Depression in women

3 05 2010

Depression in Women

I’ve just been reading this article ,by the columnist Allison Pearson, from about the rising cases of depression in women these days which not only made me wonder about many things but also felt very vulnerable.

I am still in the hangover of The Nine Rooms of Happiness (see my previous post) and am still ruminating on all those pearls of wisdom so thoughtfully provided by the authors and about all the stress and issues faced by women in day-to-day life.

I feel like every woman goes into depression at least once in her life. The media and commercialism is a major culprit in setting the standards way too high. In fact, being and doing the best is the motto: not just in one thing or role but in everything.

The author of the above article said it right that a woman is undergoing a lot of stress these days owing to sometimes unreasonable demands. One has to be a wonderful mom, look good, excellent homemaker, and also have a great (at least good enough) career. Perfectionism has become the standard. It seems obviously ludicrous to anyone when it is put in this way, but lot of women are experiencing it in reality.

I’ve always wondered that why such perfect standards do not apply to or affect men!

Allison Pearson says that having the man in the house to share chores helps, but it is only one side of it. I’m lucky enough to have a spouse who shares my work at home – both household chores and parenting (touch wood), but I still feel burdened by the urge to meet the standard (aka perfectionism).
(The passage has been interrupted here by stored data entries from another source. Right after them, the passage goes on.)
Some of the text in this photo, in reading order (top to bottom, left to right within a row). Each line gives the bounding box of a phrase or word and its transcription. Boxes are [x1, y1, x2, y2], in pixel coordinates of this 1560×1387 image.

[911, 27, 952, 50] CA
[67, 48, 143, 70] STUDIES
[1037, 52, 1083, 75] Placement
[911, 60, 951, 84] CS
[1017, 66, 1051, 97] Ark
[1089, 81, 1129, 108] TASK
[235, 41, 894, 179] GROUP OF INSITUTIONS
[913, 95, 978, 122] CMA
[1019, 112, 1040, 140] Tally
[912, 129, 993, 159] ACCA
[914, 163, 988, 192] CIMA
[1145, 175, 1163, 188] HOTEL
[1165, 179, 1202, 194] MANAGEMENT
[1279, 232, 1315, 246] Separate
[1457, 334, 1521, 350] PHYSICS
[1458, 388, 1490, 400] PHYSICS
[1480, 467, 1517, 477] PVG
What’s actually required is, women have to change their perception. Good enough, and not being perfect,is the goal. It is effective only when ‘we’ believe it ourselves from within and it’s not such an easy task given the suggestions we perpetually get from the rest of the world. But, if we have to protect our sanity, we must be less and less susceptible to such harmful stereotypes.

On the other hand, getting back to the kitchen isn’t the solution.  In fact, another reason for this depression is “being at home”. If you are a home maker, you often don’t have a sense of purpose and achievement in your life other than raising kids and managing the house. In this case, you entirely depend on others for your happiness, which, in my opinion, is a mantra for doomness. Anyone who has read The Feminine Mystique, and of course many others who can reflect on this a bit honestly, would agree with me readily that in such circumstances, the woman tries to live her life through the spouse and kids and unwittingly pressurize them. Her dependence on her family members reaches to such an obscene level that it not only affects the relationships but also her whole identity. Well, this really sounds horrible. But I can give any number of examples right off the top of my head. It is imperative that one has to be cognizant about this process in order not to fall into the trap.



6 responses

3 05 2010

I completely relate–being a Stay at home mom. It’s even worse that my children are school-age and I’m left alone with my own punishing mind. I struggle on a daily basis to figure out what i want to do when i “grow up” and have come to the conclusion I need to work part-time, mostly for myself. It will only make me a better mother, wife, and role model for my children. thanks for sharing.

4 05 2010

Yes, that’s true. All the best.
I’ve read somewhere that another book Feminine Mistake by Leslie Bennetts talks about this – why sacrificing a career to be a stay-at-home parent and the resulting economical dependency is not always a good idea.
The trick is to have a balance and not being too ambitious to handle everything perfectly.

4 05 2010

You’re right.. Didnt think much about this yet.

4 05 2010

a great read to me… balance is what is the toughest one isnt it?

26 05 2010

I agree with you. I also believe that men too go through depression….. think about it.

26 05 2010

I never meant that depression affects only women. Of course, men become depressed too. But because of different reasons. Stress in work life, failure, inferiority complex, loss of a dear one, or other psychological issues might be the culprits. These are not gender-biased. But these issues impact and effect differently for men and women. Stress in work is not the same for both men and women because universally women are expected to be good at house-keeping and parenting more than men. And this contributes to the additional stress to a working woman, not just the work-related stress. This is just one aspect. Moreover, men and women have different emotional needs. As John Gray said in his best-seller – Men are From Mars, Women are from Venus -, A man’s sense of self is defined through his ability to achieve results; A woman’s sense of self is defined through her feelings and the quality of her relationships.